Aristotle also introduced the concept of using variables to represent terms in statements, for example, the statement “if every dog is an animal and a labrador is a dog then a labrador is an animal” can be represented as “if every y is a z and and a x is a y then a x is a z“. Using variables like this made it possible to extend these logical statements by substituting other terms in place of the variables, this meant that it was possible to generalise logic statements that are true for many subjects.
In 1854, the mathematician George Boole sought to extend Aristotle’s laws. In his book “The Laws of Thought”, he provided equations, added to them and gave them a mathematical foundation.
Boolean Values
In Boolean algebra, every expression can either be True or False:
- The light is on.
- It is raining.
- There are some people inside the building.
Boolean logic can also be applied to mathematical expressions, for example the expression “five is less than two” evaluates to False.
Logical Operations
The basic Boolean operators are called conjunction, disjunction and negation. From this point onwards we will refer to these operators as AND, OR and NOT respectively.
AND
If A is True, B is True then A AND B is True
- The qualification will be awarded if the required marks have been reached AND the student attended all of the sessions.
- The burglar alarm will sound if the system is active AND a sensor is triggered
If either (or both) of the terms are false then the result of a Boolean AND will be false. The burglar alarm will not sound if the system is active but a sensor is not triggered.
OR
If either A OR B is True then A OR B is True.

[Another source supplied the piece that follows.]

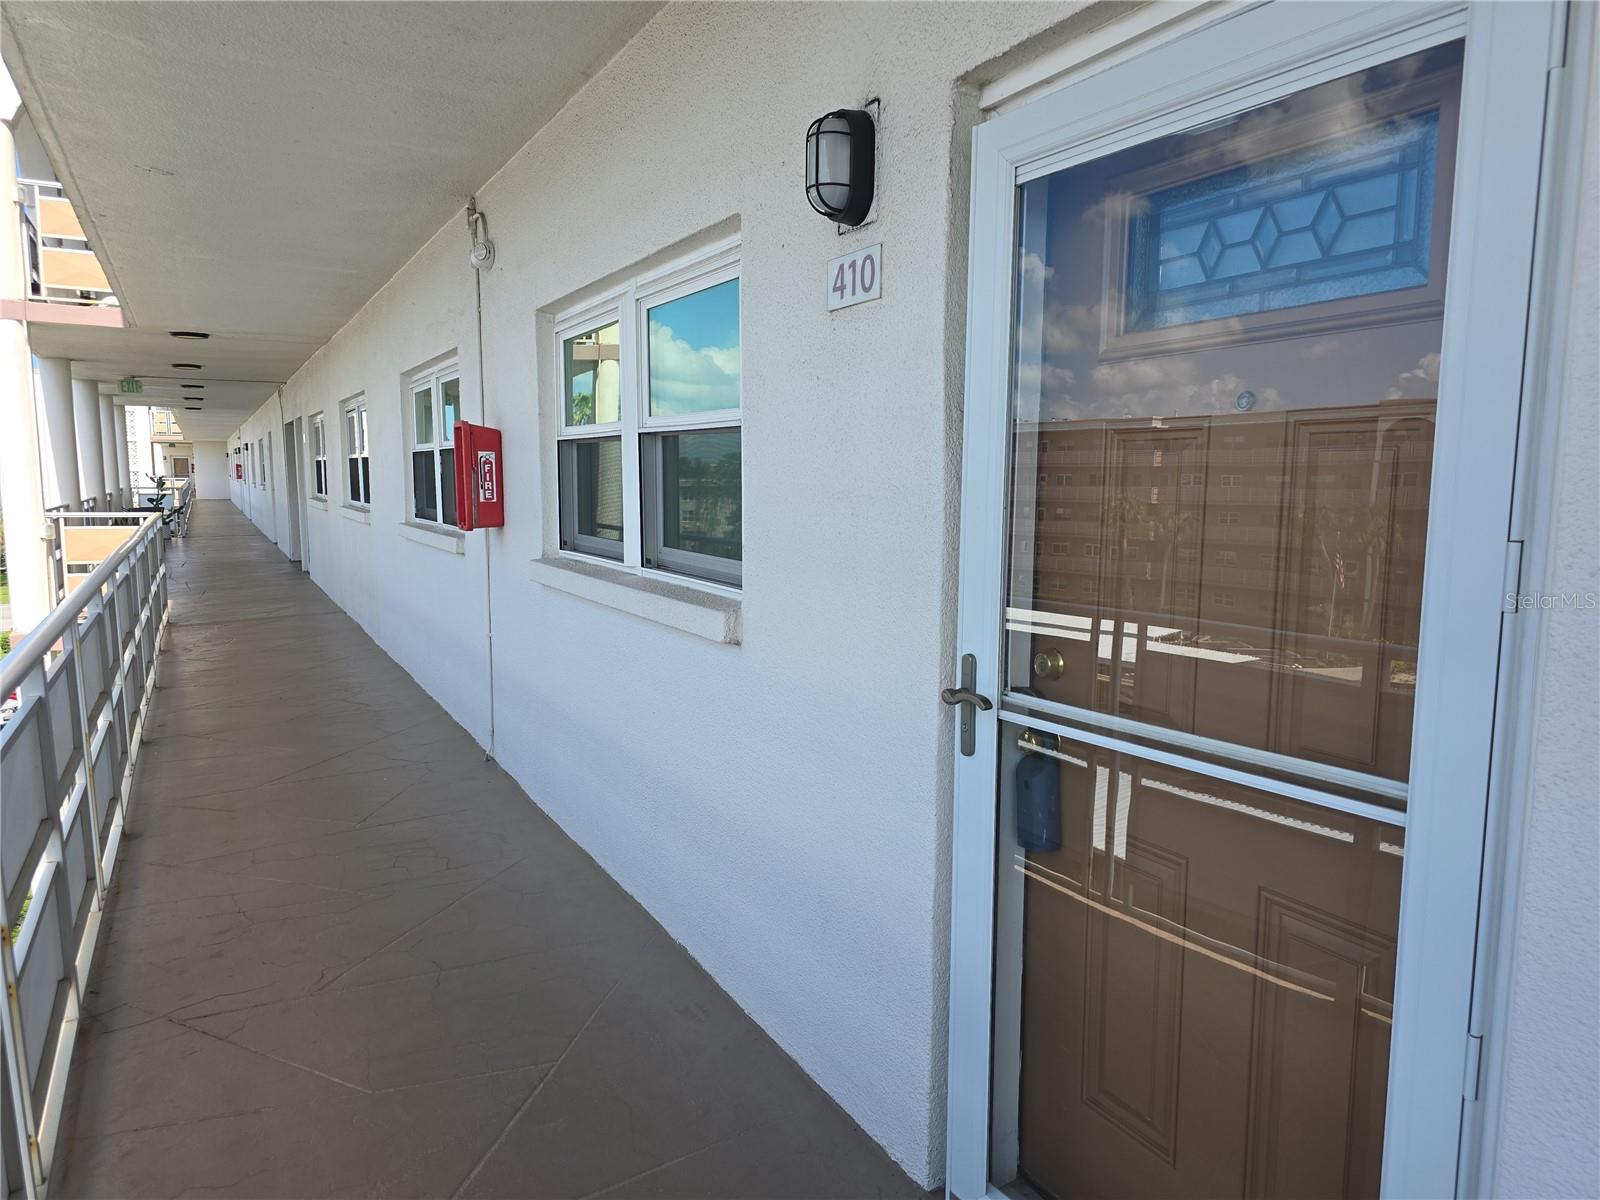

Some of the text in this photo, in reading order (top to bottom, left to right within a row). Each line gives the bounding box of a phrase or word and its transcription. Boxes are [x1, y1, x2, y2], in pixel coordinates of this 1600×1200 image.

[832, 254, 876, 300] 410
[121, 380, 142, 393] EXIT
[484, 464, 492, 499] FIRE

- If it is cold OR raining then a coat should be worn.
- If the traffic light is red OR the traffic light is amber then the brakes should be applied.
If both of the terms are False then the result of a Boolean OR will be False, if either (or both) of the terms are True then the result will be True.
NOT
This will take a single value and return it’s opposite value. In other words, NOT True is False. NOT False is True.
Combining Logic
It’s possible to combine logic statements to create more complex (and useful) statements.

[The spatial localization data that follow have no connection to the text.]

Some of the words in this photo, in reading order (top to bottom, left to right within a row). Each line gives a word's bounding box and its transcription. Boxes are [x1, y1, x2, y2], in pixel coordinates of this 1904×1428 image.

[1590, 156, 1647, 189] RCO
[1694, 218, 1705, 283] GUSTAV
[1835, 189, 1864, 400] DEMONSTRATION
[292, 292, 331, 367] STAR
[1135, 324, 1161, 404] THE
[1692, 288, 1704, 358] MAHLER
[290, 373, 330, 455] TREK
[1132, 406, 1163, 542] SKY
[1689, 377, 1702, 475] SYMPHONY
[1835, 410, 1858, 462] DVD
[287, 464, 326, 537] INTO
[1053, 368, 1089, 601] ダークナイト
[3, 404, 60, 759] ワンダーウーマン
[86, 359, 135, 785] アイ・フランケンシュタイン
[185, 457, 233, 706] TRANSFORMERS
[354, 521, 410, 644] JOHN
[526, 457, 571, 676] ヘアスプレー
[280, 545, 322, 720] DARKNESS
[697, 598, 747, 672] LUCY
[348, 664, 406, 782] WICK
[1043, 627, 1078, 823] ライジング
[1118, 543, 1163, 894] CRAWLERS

- If it is the weekend AND (it is raining OR it is cold) then go to the cinema.
- If it is the weekend AND it is NOT raining AND it is NOT cold then go to the park.
Truth tables
Truth tables provide a way of showing all of the possible inputs and what the outputs will be for a logic statement.
Input 1 – Weekend | Input 2 – Raining | Input 3 – Cold | Output – Go to the cinema |
---|---|---|---|
False | False | False | False |
False | False | True | False |
False | True | False | False |
False | True | True | False |
True | False | False | False |
True | False | True | True |
True | True | False | True |
True | True | True | True |
Logic and numbers
Boole had already postulated that True and False were equivalent to 1 and 0. In 1938 Claude Shannon published his thesis “A Symbolic Analysis of Relay and Switching Circuits”. In this, he proved that the logical values True and False are the same as the two states of a switch, On and Off..
This was an extremely important development as it meant that it was possible to create electronic switching devices that were capable of evaluating Boolean logic expressions. Without this it would not have been possible to create the CPUs that are inside all modern computers!